Problem to solve - Begin with the line that holds "this 1440×1080 image." and repeat each line after it exactly, ending with the last line of the listing.

Provided records -
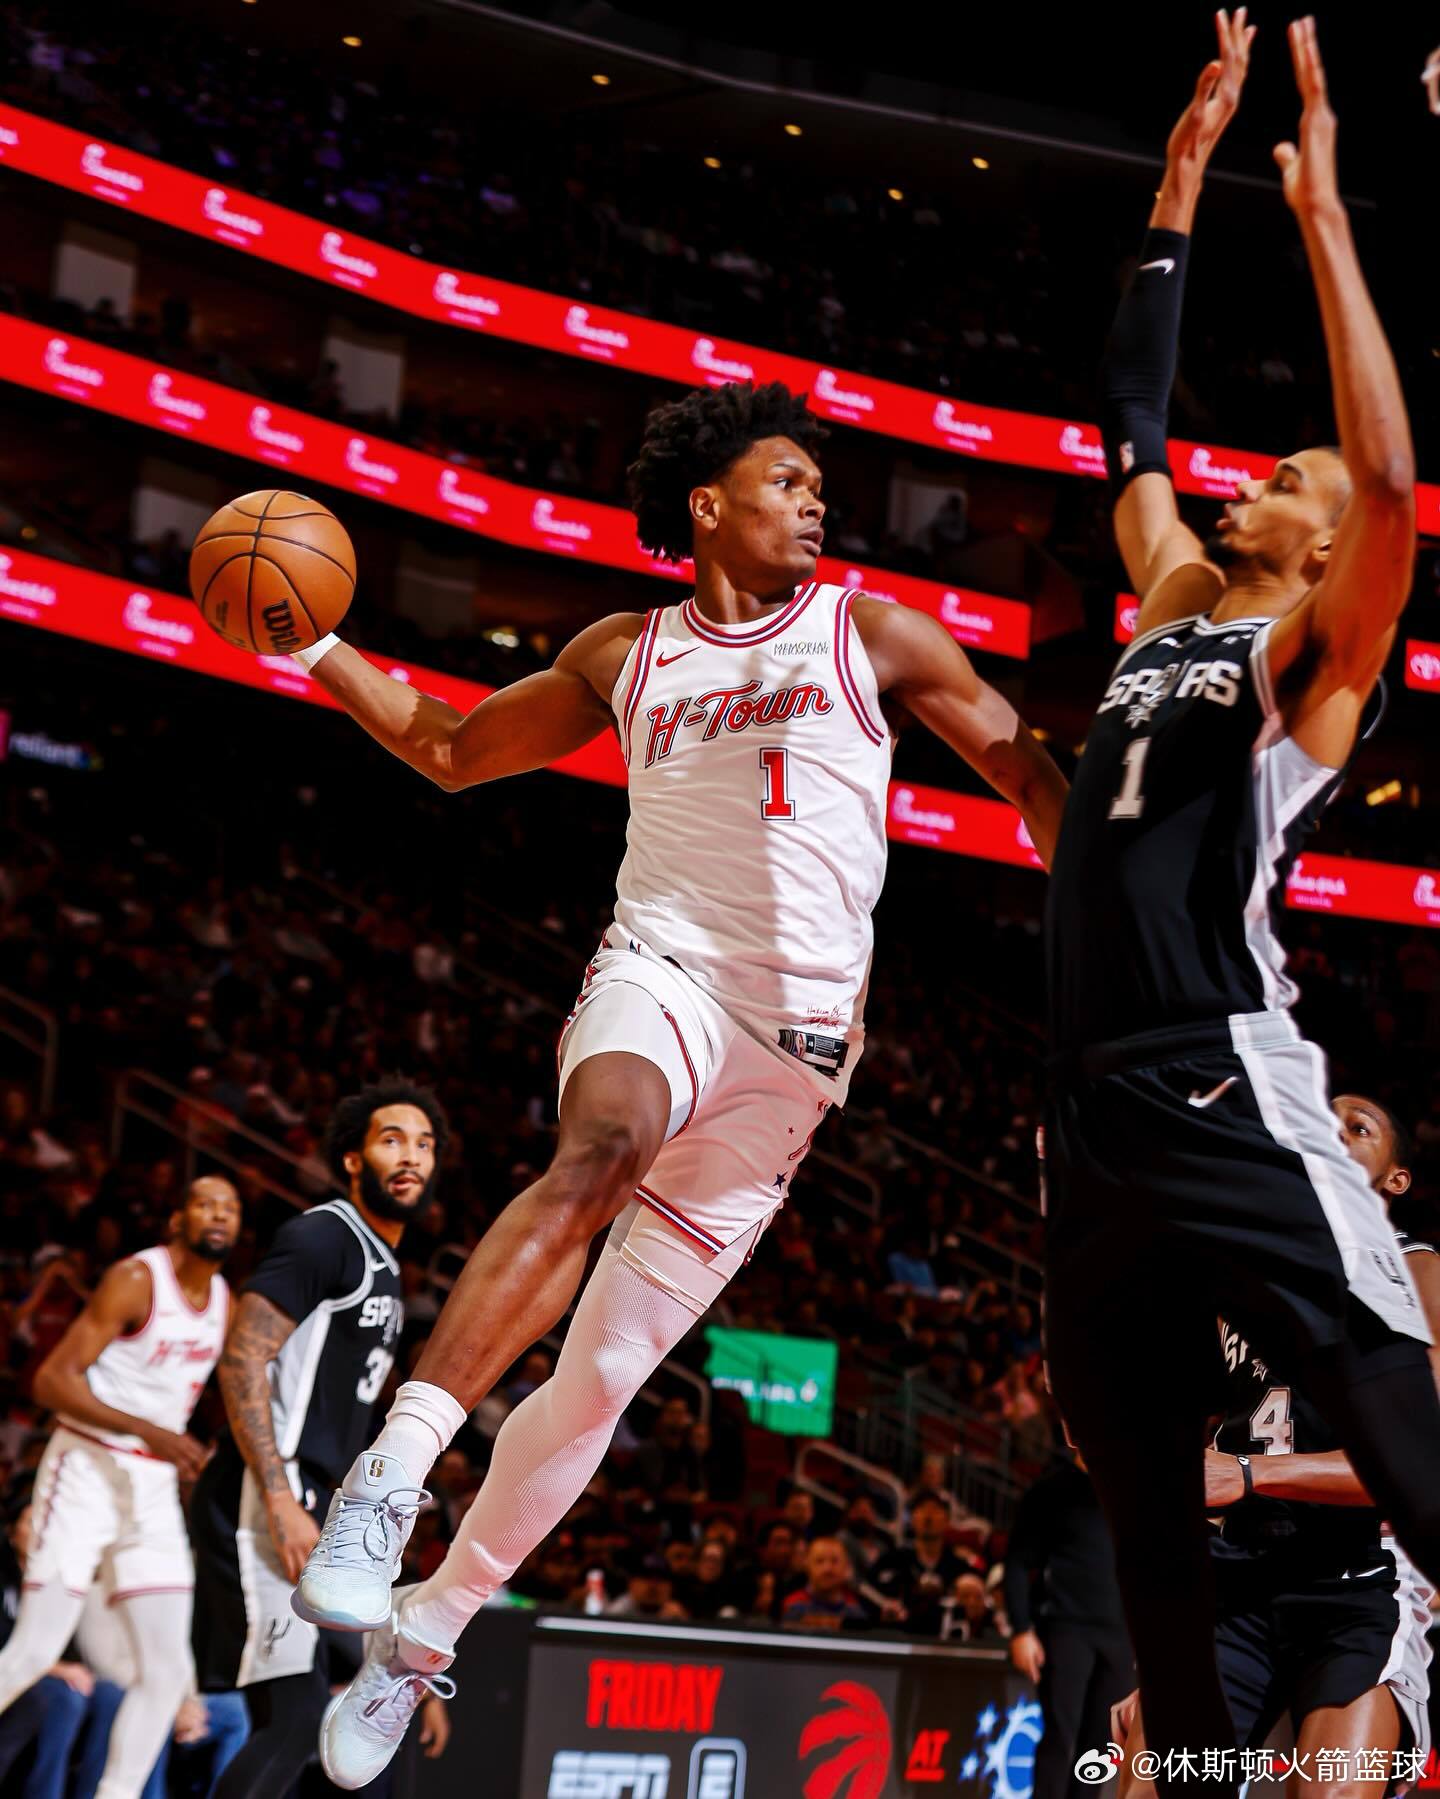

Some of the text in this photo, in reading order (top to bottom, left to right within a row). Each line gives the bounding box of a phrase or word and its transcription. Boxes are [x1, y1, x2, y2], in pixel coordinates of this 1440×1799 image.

[645, 680, 834, 768] H-Town
[759, 747, 796, 821] 1
[1108, 737, 1151, 820] 1
[1250, 1387, 1294, 1455] 4
[586, 1659, 724, 1733] FRIDAY
[548, 1751, 671, 1799] ESPN
[905, 1729, 950, 1773] AT
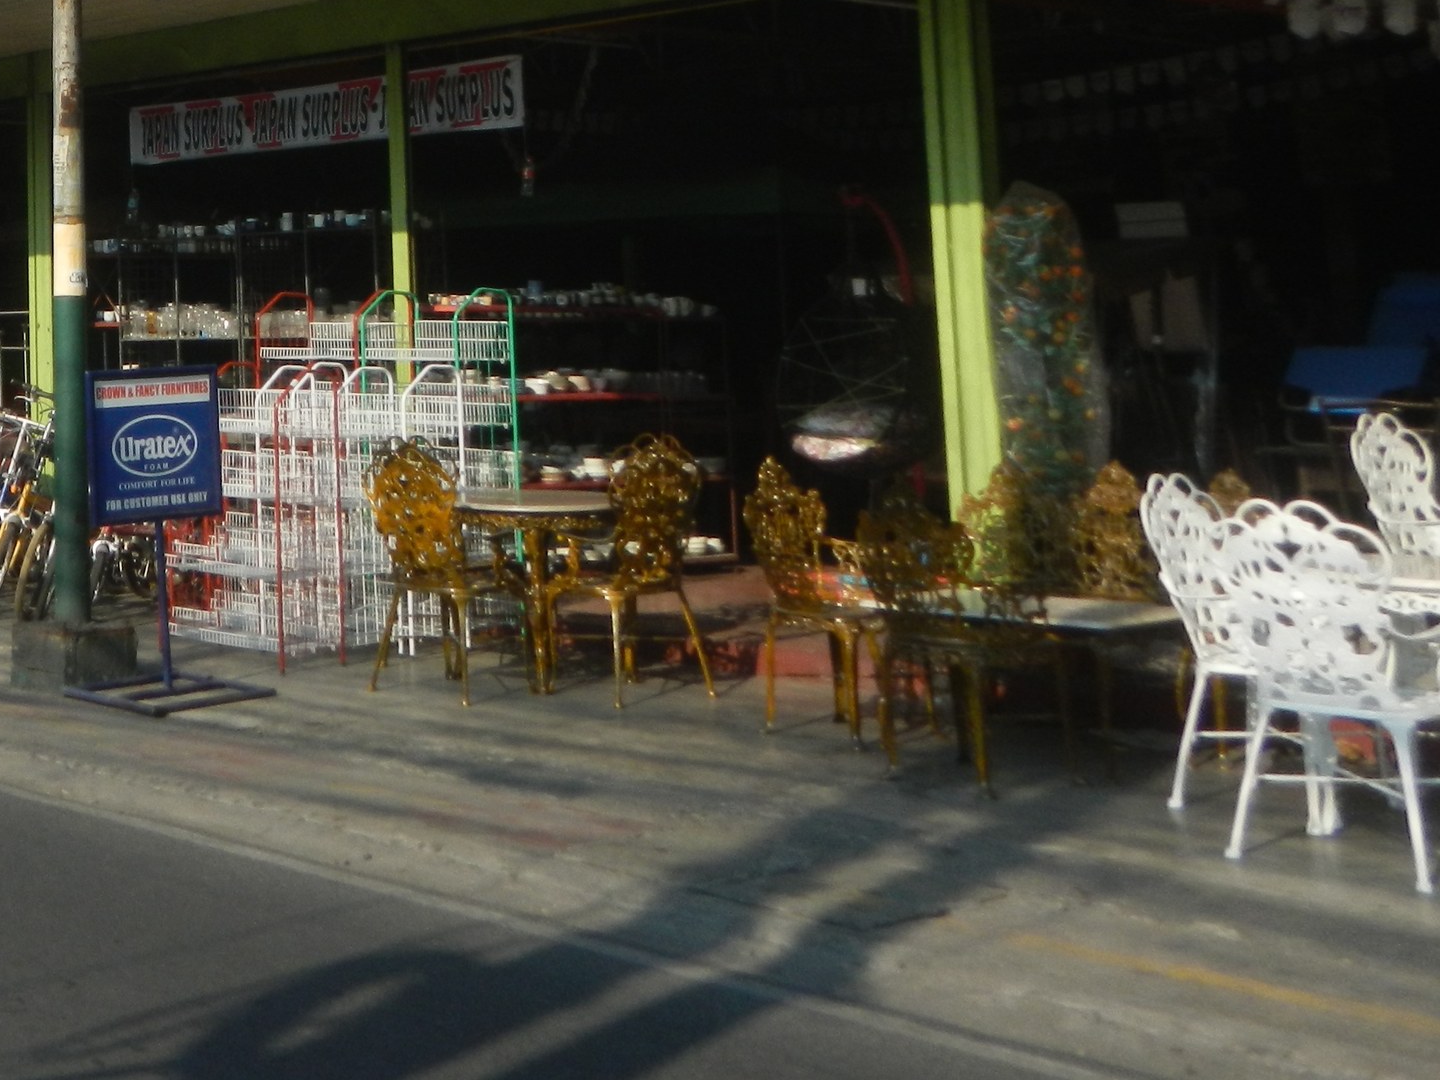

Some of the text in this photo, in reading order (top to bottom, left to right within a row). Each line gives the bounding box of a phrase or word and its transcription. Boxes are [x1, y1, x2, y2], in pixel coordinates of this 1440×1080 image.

[141, 67, 515, 157] JAPAN SURPLUS JAPAN SURPLUS JAN SURPLUS
[96, 380, 209, 400] CROWN & FANCY FURNITURES
[143, 462, 169, 471] FOAM
[118, 476, 196, 491] COMFORT FOR LIFE
[106, 491, 208, 512] FOR CUSTOMER USE ONLY

Response to this task -
Some of the text in this photo, in reading order (top to bottom, left to right within a row). Each line gives the bounding box of a phrase or word and its transcription. Boxes are [x1, y1, x2, y2], in pixel coordinates of this 1440×1080 image.

[141, 67, 515, 157] JAPAN SURPLUS JAPAN SURPLUS JAN SURPLUS
[96, 380, 209, 400] CROWN & FANCY FURNITURES
[143, 462, 169, 471] FOAM
[118, 476, 196, 491] COMFORT FOR LIFE
[106, 491, 208, 512] FOR CUSTOMER USE ONLY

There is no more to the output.